They managed to locate another wagon and salvage the rest of their load, and Crockett and the disgruntled wagoner limped on to Baltimore. While Myers had the runaway wagon repaired, Crockett walked down to the wharf. For the first time in his life he gazed on great merchant ships, their sails flapping in the briny sea breeze, and heard the eerie creaking of the massive wooden hulls and salty ropes as thick as his waist lashed to the docks. Crockett must have faced the ocean in disbelief, for he had never conceived such things to be found in nature, or to be made by man. His imagination leapt at the possibilities, and he became so curious that he stepped aboard the nearest ship, marveling at the slow sway underfoot. An old and wizened captain met him and inquired whether he wished to accompany the ship to London, for the captain could use a boy like him, with his chipper, easygoing nature and road-hardened toughness. Though he possessed no nautical experience, the adventurous young Crockett delighted at the chance, for by now he was “pretty well weaned from home”
5
and open to the idea of new adventure.

He set off to gather his clothes, provisions, and money from Myers, but enthusiasm turned to fear when Myers flatly refused to let him have any of them, threatening to whip him and confine him if Crockett did not obey. The stern and tyrannical wagoner thus changed the course of Crockett’s history, for the boy had been only minutes away from becoming a mariner bound for England. At the same time Crockett learned that trust is illusory on the frontier. Looking over his shoulder at the magnificent ships bound for faraway lands, Crockett could only do as he was told and bide his time until another opportunity presented itself. He put it like this: “I determined to throw myself on Providence, and see how that would use me.”
6

Back on the road with the wagoner, Crockett “resolved to leave him at all hazards,” and before dawn one morning he rounded up what few clothes he had and took off on foot, hungry and penniless, toward Tennessee. He wandered for days, sleeping in vacant barns and hay sheds, under the eaves of outbuildings, always slinking out before dawn, afraid of being caught by the owners or overtaken by Adam Myers himself. One day he happened on another wagoner, a man named (by absolute coincidence) Henry Myers. He appeared kind, and inquired about Crockett’s situation, which brought the tough youngster to tears despite his attempts to shore up. The weight of his loneliness and all his troubles bore down on him. “For if the world had been given to me, I could not, at that moment, have helped crying.”
7
Through a storm of sobs Crockett told the kind Henry Myers about being deceived and ill treated in Baltimore, and how he had been left “without a copper to buy even a morsel of food.”
8

The tale enraged Henry Myers, who swore loud at the scoundrel for mistreating a young boy in this way, and he vowed to backtrack, find Adam Myers, and force him to return Crockett’s money. Though he feared the eventual run-in, Crockett was bolstered by his new ally’s size and passion: “My new friend was very large, stout-looking, and resolute as a tiger . . . and swore he would have my money, or whip it out of the wretch who had it.”
9
They did confront Adam Myers, who blamed Crockett for attempting to shirk his duties and run off with a ship’s captain bound for London. Then he admitted, reluctantly, that he had spent all of Crockett’s hard-earned seven dollars. Pressed by the large and angry man, Adam Myers offered to pay Crockett back when they returned to Tennessee, and at this promise Crockett felt reconciled.
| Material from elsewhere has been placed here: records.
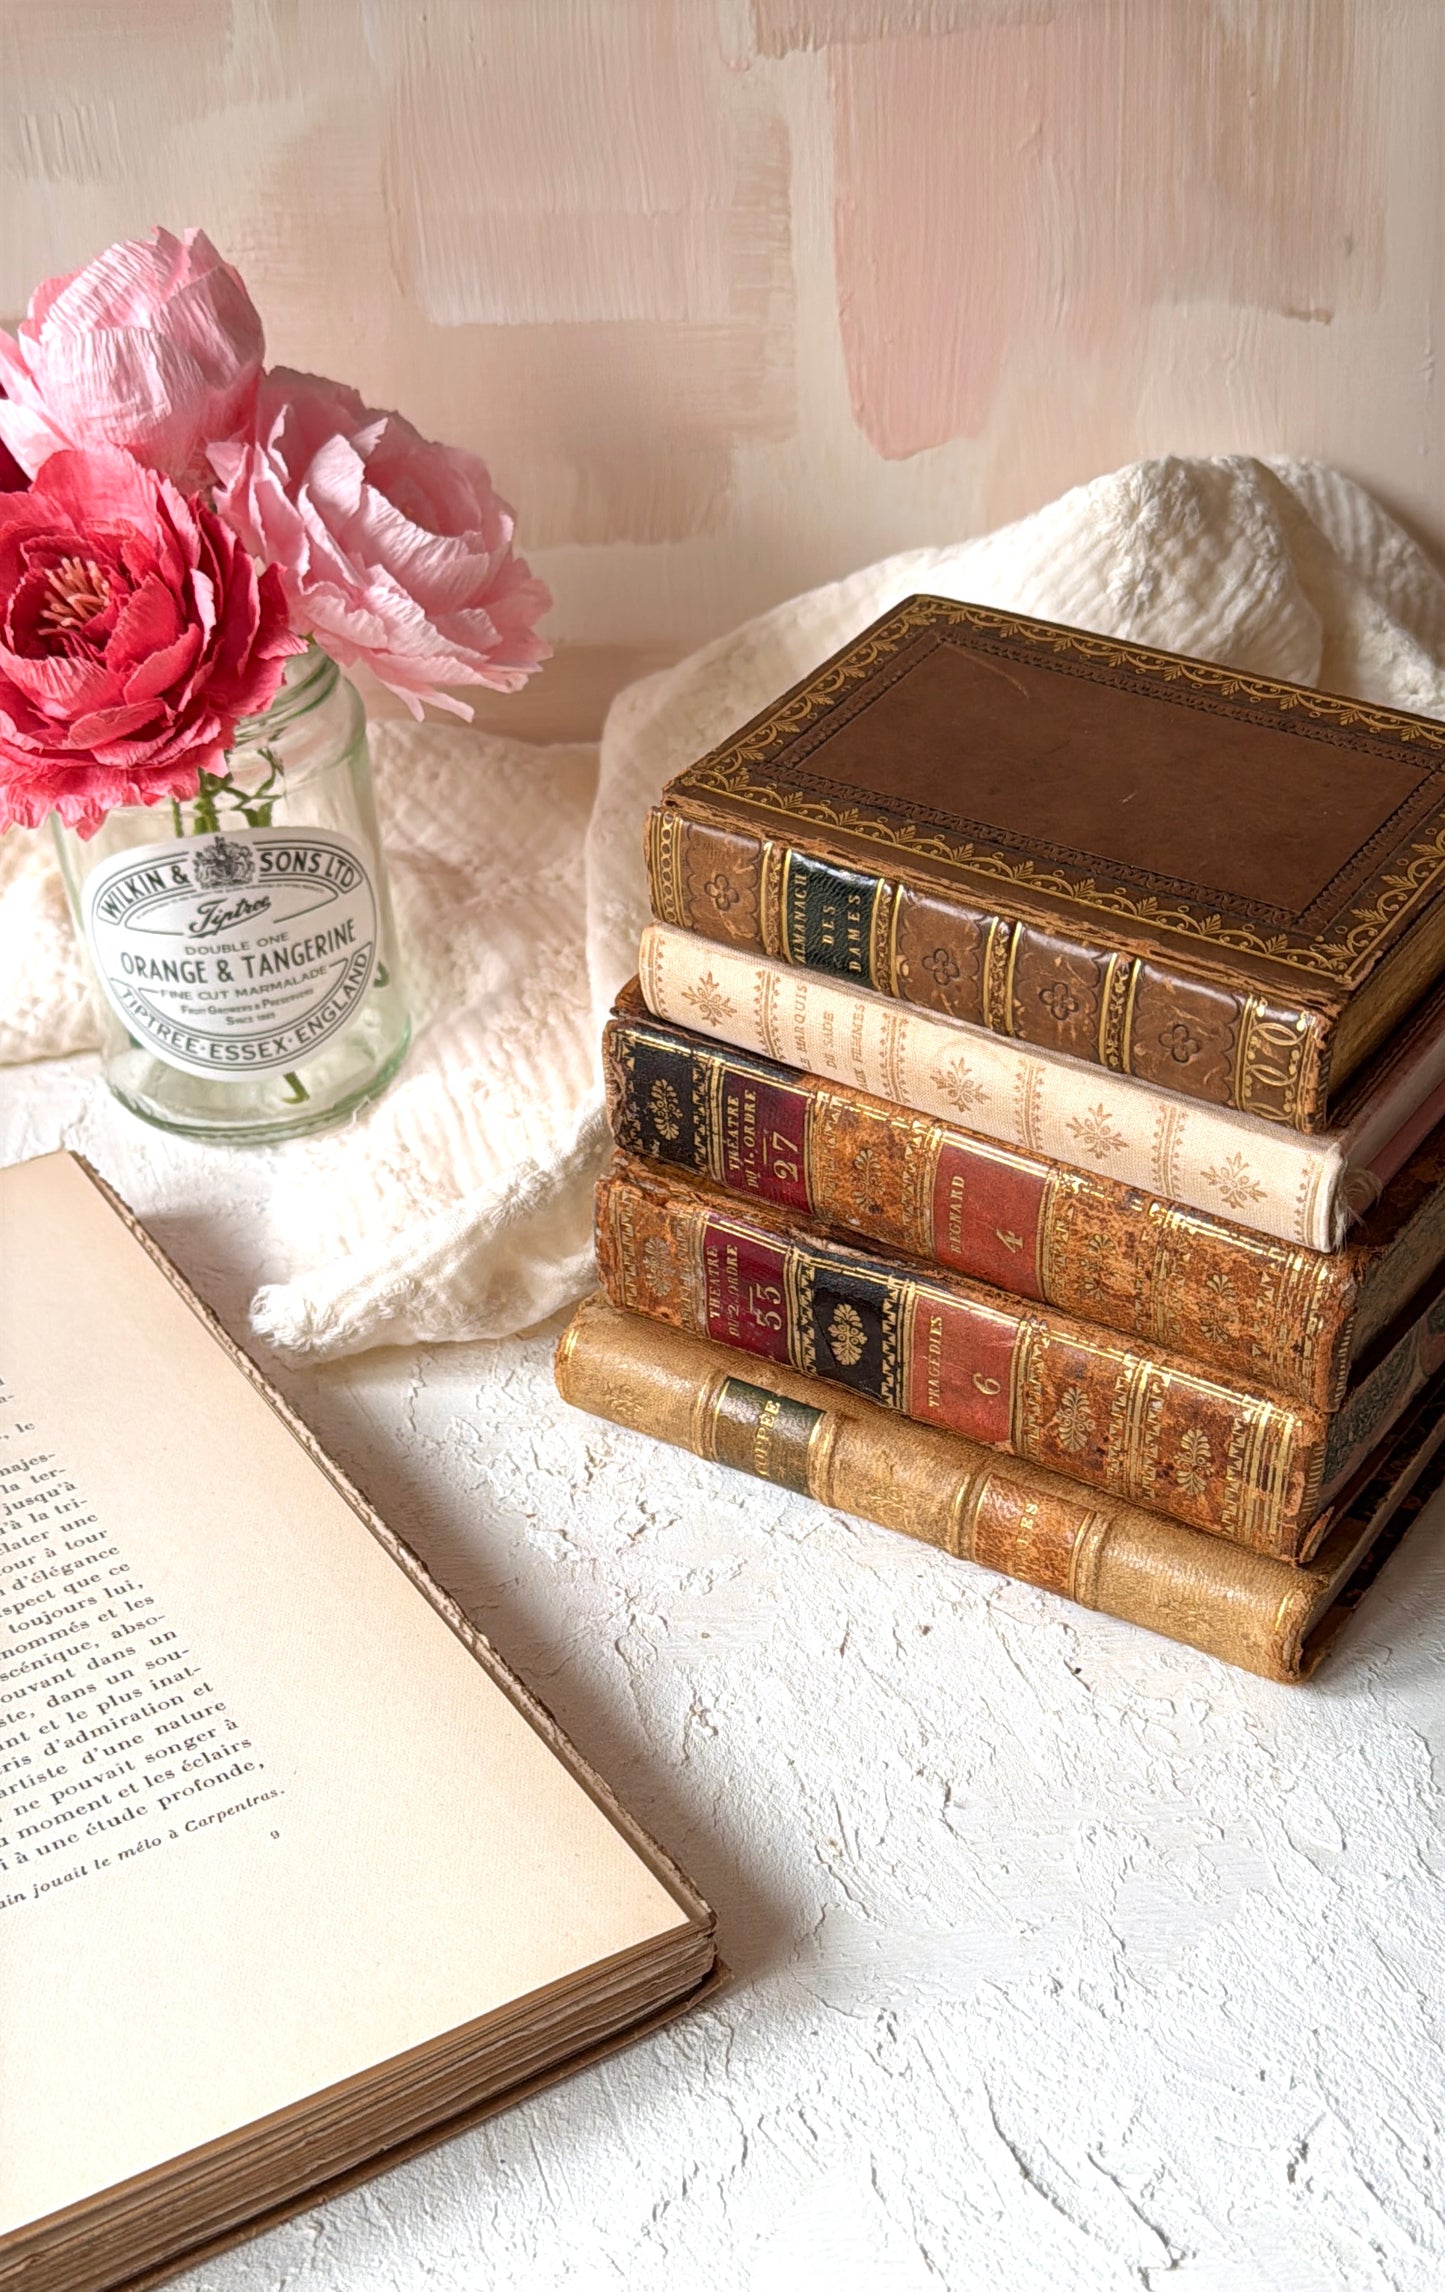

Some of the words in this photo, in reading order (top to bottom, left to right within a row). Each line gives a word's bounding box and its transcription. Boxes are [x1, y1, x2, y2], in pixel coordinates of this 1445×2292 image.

[100, 869, 167, 919] WILKIN
[170, 864, 192, 885] &
[259, 850, 322, 872] SONS
[324, 856, 355, 888] LTD
[184, 941, 250, 956] DOUBLE
[256, 931, 289, 948] ONE
[188, 896, 271, 938] Tiptree
[792, 873, 807, 964] ALMANACH
[821, 904, 836, 946] DES
[847, 894, 862, 973] DAMES
[120, 952, 208, 984] ORANGE
[217, 959, 235, 983] &
[241, 918, 356, 979] TANGERINE
[122, 987, 199, 1055] TIPTREE
[209, 1037, 289, 1061] ESSEX
[294, 952, 368, 1044] ENGLAND
[160, 988, 192, 1001] FINE
[198, 989, 229, 1001] CUT
[234, 965, 328, 998] MARMALADE
[794, 984, 808, 1053] MARQUIS
[743, 1089, 757, 1148] ORDRE
[772, 1130, 799, 1183] 27
[948, 1175, 965, 1254] REGNARD
[995, 1227, 1024, 1254] 4
[726, 1244, 739, 1297] ORDRE
[972, 1371, 1001, 1395] 6
[0, 1483, 21, 1494] la
[29, 1468, 66, 1484] ter-
[27, 1512, 50, 1524] la
[53, 1498, 88, 1515] tri-
[59, 1514, 99, 1533] une
[43, 1547, 57, 1559] à
[64, 1529, 108, 1551] tour
[62, 1574, 102, 1595] que
[108, 1563, 131, 1576] ce
[7, 1596, 98, 1634] toujours
[102, 1579, 144, 1599] lui,
[97, 1608, 118, 1623] et
[123, 1596, 155, 1613] les
[110, 1615, 166, 1640] abso-
[86, 1646, 137, 1671] dans
[148, 1630, 178, 1647] un
[38, 1719, 61, 1735] et
[65, 1710, 89, 1724] le
[95, 1688, 143, 1716] plus
[148, 1667, 202, 1691] inat-
[46, 1683, 97, 1709] dans
[104, 1669, 135, 1686] un
[144, 1649, 190, 1671] sou-
[43, 1695, 185, 1757] d'admiration
[192, 1681, 214, 1697] et
[81, 1734, 145, 1765] d'une
[154, 1702, 227, 1736] nature
[13, 1799, 41, 1817] ne
[49, 1760, 136, 1806] pouvait
[144, 1728, 217, 1764] songer
[223, 1718, 239, 1731] à
[16, 1793, 113, 1840] moment
[117, 1782, 140, 1799] et
[142, 1769, 176, 1789] les
[180, 1738, 252, 1773] éclairs
[13, 1851, 30, 1865] à
[35, 1833, 80, 1857] une
[85, 1805, 149, 1836] étude
[156, 1762, 265, 1811] profonde,
[269, 1830, 281, 1840] 9
[32, 1865, 89, 1900] jouait
[93, 1858, 112, 1871] le
[117, 1837, 162, 1861] mélo
[168, 1829, 180, 1840] à
[184, 1789, 286, 1833] Carpentras.
Crockett left with his new ally Henry Myers, and they traveled south together for several days. Crockett again became impatient at their progress and determined to strike out alone, on foot. But before he left, while they were all convened at a roadhouse, Myers told a small assemblage of men Crockett’s tale, how he had recently been treated, and how he would be passing penniless through “a land of strangers, where it was not even a wilderness.”
10
They passed around a money purse and handed Crockett the collection of three dollars.
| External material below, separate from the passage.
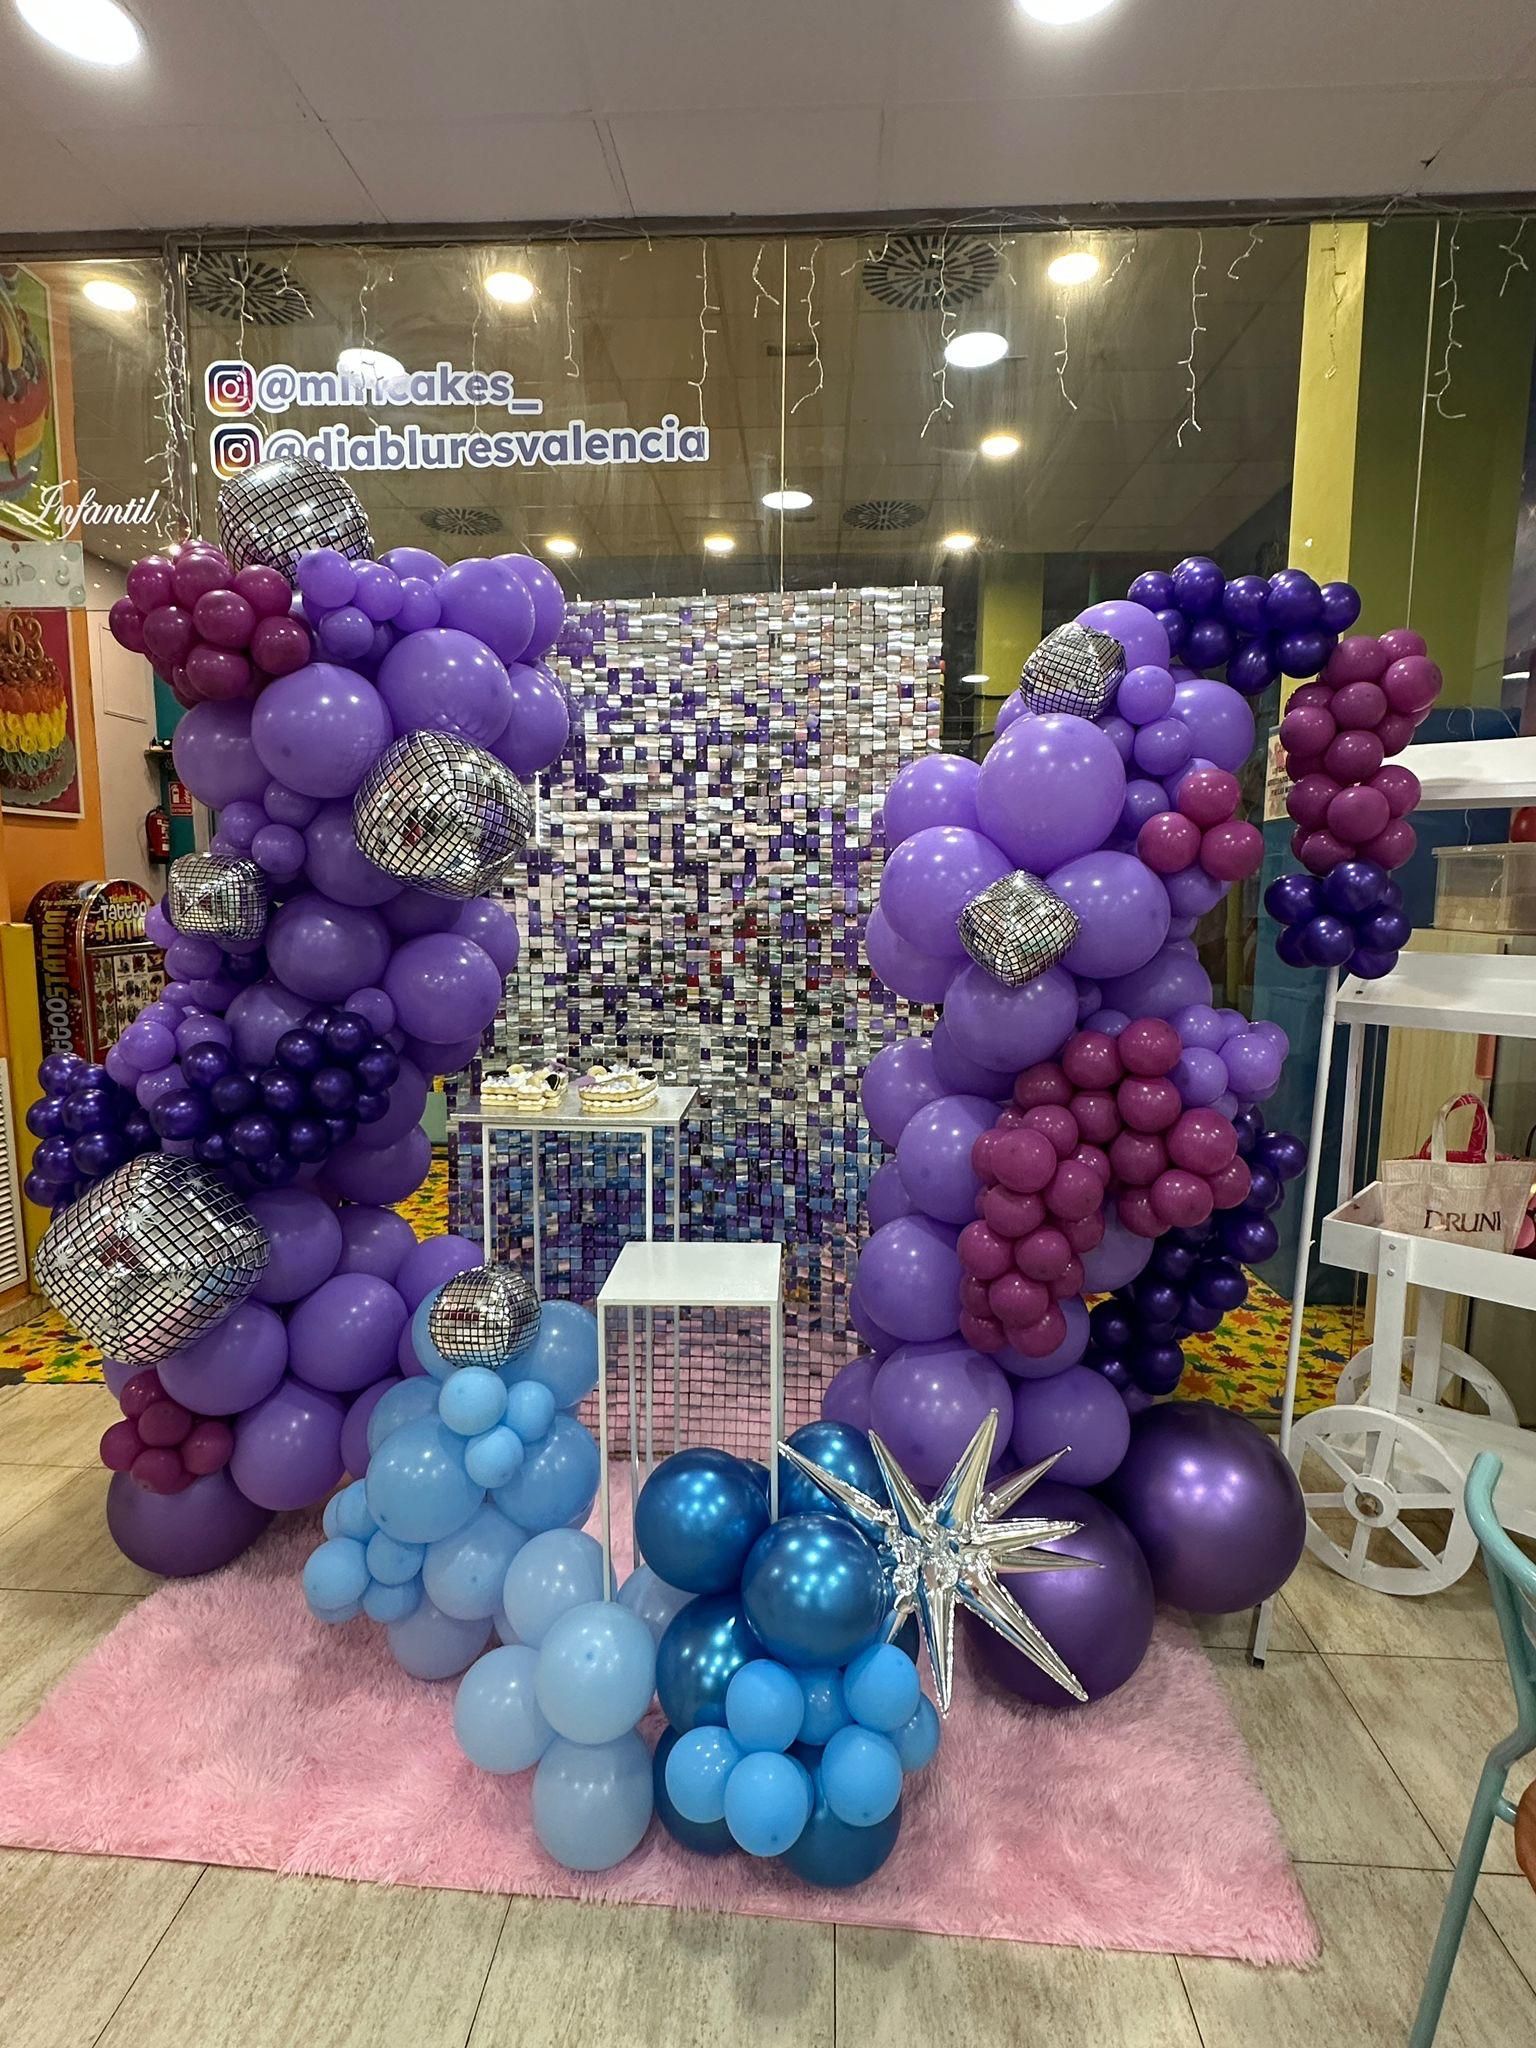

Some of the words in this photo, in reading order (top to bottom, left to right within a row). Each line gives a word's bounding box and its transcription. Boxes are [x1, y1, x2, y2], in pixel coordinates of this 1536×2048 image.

[18, 480, 160, 539] Infantil
[95, 917, 146, 941] STATIO
[1424, 1209, 1501, 1233] DRUNI
That sum held out as far as Montgomery, Virginia, where he worked for a month for a man named James Caldwell at a shilling a day. Crockett then hired on with a hatter, Elijah Griffith, agreeing to work four years for him. After eighteen long months, Griffith fell deep into debt and fled the region, leaving Crockett broke and destitute once more.
11
A grim pattern seemed to be developing, and the perceptive youngster knew he had to break the cycle. Life on the road had taught him much, but it was not a life he wished to live permanently. Crockett worked as he could to properly clothe himself and garner a small purse, and then, weary and lonely, he cut out for home.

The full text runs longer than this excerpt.